What to produce:
Return the entries that follow exactly, with no images.

(Image-backed grounding data)
▬▬▬▬▬▬

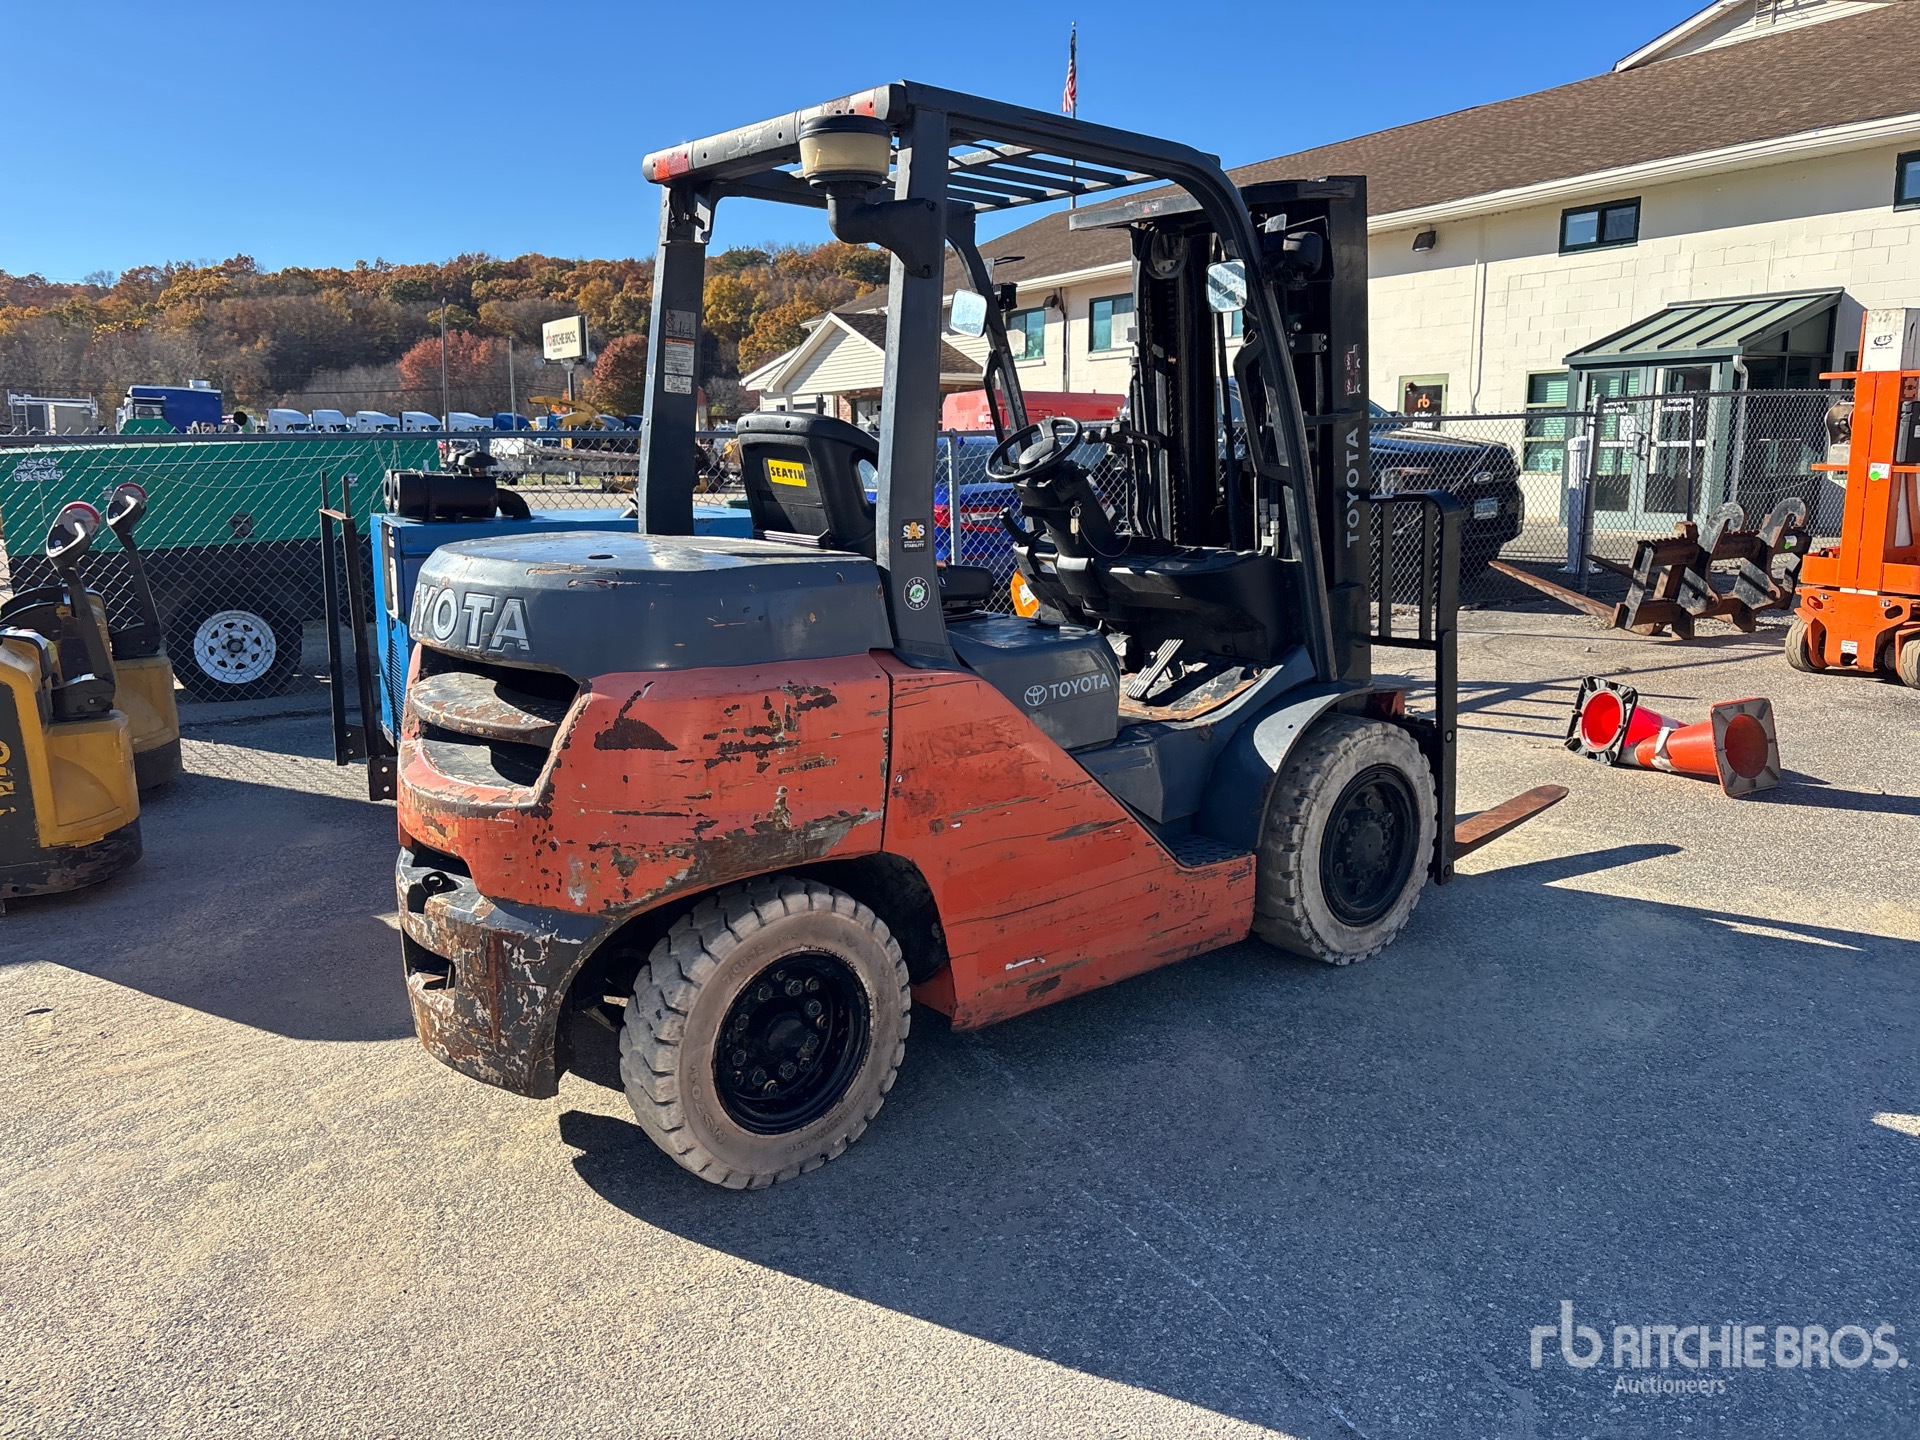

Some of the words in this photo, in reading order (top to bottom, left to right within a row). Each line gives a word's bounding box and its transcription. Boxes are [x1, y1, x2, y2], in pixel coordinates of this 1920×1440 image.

[1417, 394, 1430, 408] rb
[1346, 427, 1360, 548] TOYOTA
[902, 521, 926, 539] SAS
[1049, 673, 1110, 699] TOYOTA

▬▬▬▬▬▬

Answer to the exercise:
Some of the words in this photo, in reading order (top to bottom, left to right within a row). Each line gives a word's bounding box and its transcription. Boxes are [x1, y1, x2, y2], in pixel coordinates of this 1920×1440 image.

[1417, 394, 1430, 408] rb
[1346, 427, 1360, 548] TOYOTA
[902, 521, 926, 539] SAS
[1049, 673, 1110, 699] TOYOTA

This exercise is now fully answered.